Monday, June 12, 2017
Coming Soon: Girl in a Big Brass Bed/The Spy Who Was 3 Feet Tall/Code Name Gadget - Peter Rabe
GIRL IN A BIG BRASS BED
Lobbe wants his painting back. Goering confiscated it when the Nazis raided Rotterdam. But now, years later, it has been located, and the German government wants to return it. So Lobbe sends his assistant Manny deWitt to Munich to fetch it. The painting is Vermeer's Apple Girl, Lobbe's prized possession. The mission seems easy enough. But as deWitt soon discovers, those who have the misfortune to come in contact with the elusive Vermeer seem to experience an early and unpleasant death. The sooner he gets the painting and gets out, the better. If only it were that simple.

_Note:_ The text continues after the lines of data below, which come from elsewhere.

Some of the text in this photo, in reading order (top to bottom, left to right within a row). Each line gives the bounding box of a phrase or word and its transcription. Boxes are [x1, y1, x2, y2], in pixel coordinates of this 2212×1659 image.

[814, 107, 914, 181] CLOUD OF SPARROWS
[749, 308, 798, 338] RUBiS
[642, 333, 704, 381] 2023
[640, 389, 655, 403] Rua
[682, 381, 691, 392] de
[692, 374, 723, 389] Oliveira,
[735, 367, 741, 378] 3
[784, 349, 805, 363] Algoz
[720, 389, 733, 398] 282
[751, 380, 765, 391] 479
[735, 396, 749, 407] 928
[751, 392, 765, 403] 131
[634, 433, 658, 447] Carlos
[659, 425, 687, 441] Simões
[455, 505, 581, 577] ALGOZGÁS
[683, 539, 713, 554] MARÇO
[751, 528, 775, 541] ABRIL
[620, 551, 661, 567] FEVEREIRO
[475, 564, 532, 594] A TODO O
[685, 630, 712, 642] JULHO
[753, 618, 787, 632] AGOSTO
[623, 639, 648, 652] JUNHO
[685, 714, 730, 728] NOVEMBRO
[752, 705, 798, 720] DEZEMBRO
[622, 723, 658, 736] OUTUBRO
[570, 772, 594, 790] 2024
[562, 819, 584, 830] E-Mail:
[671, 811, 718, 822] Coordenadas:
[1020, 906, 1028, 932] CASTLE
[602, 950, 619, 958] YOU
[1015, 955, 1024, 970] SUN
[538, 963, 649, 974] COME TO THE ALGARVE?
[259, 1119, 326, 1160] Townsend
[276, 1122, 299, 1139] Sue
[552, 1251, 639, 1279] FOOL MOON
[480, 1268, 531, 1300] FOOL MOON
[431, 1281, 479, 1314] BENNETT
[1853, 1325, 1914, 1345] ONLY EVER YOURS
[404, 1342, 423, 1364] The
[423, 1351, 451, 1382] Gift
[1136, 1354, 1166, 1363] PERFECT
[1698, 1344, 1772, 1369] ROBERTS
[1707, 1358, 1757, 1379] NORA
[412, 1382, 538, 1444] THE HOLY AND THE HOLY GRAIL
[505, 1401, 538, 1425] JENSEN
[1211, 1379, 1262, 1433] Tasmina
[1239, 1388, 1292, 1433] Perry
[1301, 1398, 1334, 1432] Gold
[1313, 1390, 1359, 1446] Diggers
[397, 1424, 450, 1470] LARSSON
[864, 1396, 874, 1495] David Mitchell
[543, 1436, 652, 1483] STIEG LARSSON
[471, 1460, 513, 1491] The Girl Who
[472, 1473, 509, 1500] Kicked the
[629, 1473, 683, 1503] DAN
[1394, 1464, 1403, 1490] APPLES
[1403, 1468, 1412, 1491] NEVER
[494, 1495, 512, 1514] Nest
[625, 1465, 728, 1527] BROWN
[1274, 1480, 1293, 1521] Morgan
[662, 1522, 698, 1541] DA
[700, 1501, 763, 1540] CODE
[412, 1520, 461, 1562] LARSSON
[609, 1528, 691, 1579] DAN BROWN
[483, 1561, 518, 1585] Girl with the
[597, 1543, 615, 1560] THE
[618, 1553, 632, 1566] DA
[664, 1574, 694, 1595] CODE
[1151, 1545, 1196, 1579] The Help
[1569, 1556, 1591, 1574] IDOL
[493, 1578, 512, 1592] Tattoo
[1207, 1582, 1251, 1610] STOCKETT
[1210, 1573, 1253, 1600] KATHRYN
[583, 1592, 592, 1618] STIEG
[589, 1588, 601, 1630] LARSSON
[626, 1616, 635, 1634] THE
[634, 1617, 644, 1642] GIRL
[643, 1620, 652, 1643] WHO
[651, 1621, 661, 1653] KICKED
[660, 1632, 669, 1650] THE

THE SPY WHO WAS 3 FEET TALL
This time Lobbe sends Manny to a recently emerged African nation called Motana. It's deWitt s job to negotiate the contract to build a road through the country. As usual, Lobbe doesn't muddy the waters with too much information for deWitt. But this time, everyone seems to be up on the project but him. Yum Lee, the Chinese emissary who also wants the contract, is one step ahead of him. Inge, Lobbe's delightful niece, is strictly undercover. And then there's his ubiquitous taxi driver, Baby, who is much more (or less) than what he seems. Just what the hell is so important about this road anyway?
CODE NAME GADGET
As gadgets go, it was supposedly a fairly large one, large enough to fill a medium-sized factory. Manny's mission is to buy it for his boss Lobbe before the competition beats him to it. The mission takes him to England under the eccentric guidance of a pilot named Max Garten, and into the unexpected arms of Meghan Bushmill. Together, the three of them form a kind of team as they try to figure out who are the good guys and who are the bad guys and if it even makes any difference anymore. Because whoever has the gadget can destroy the world, and even Lobbe may not be able to buy his way out of that one.
I had copies of all these books in their original editions back in my younger days and never got around to reading any of them. (Sadly, an all too common occurrence where me and books are concerned.) Now I can remedy that because Stark House is reprinting them in one big volume with a great introduction by Rick Ollerman. I'm really looking forward to these.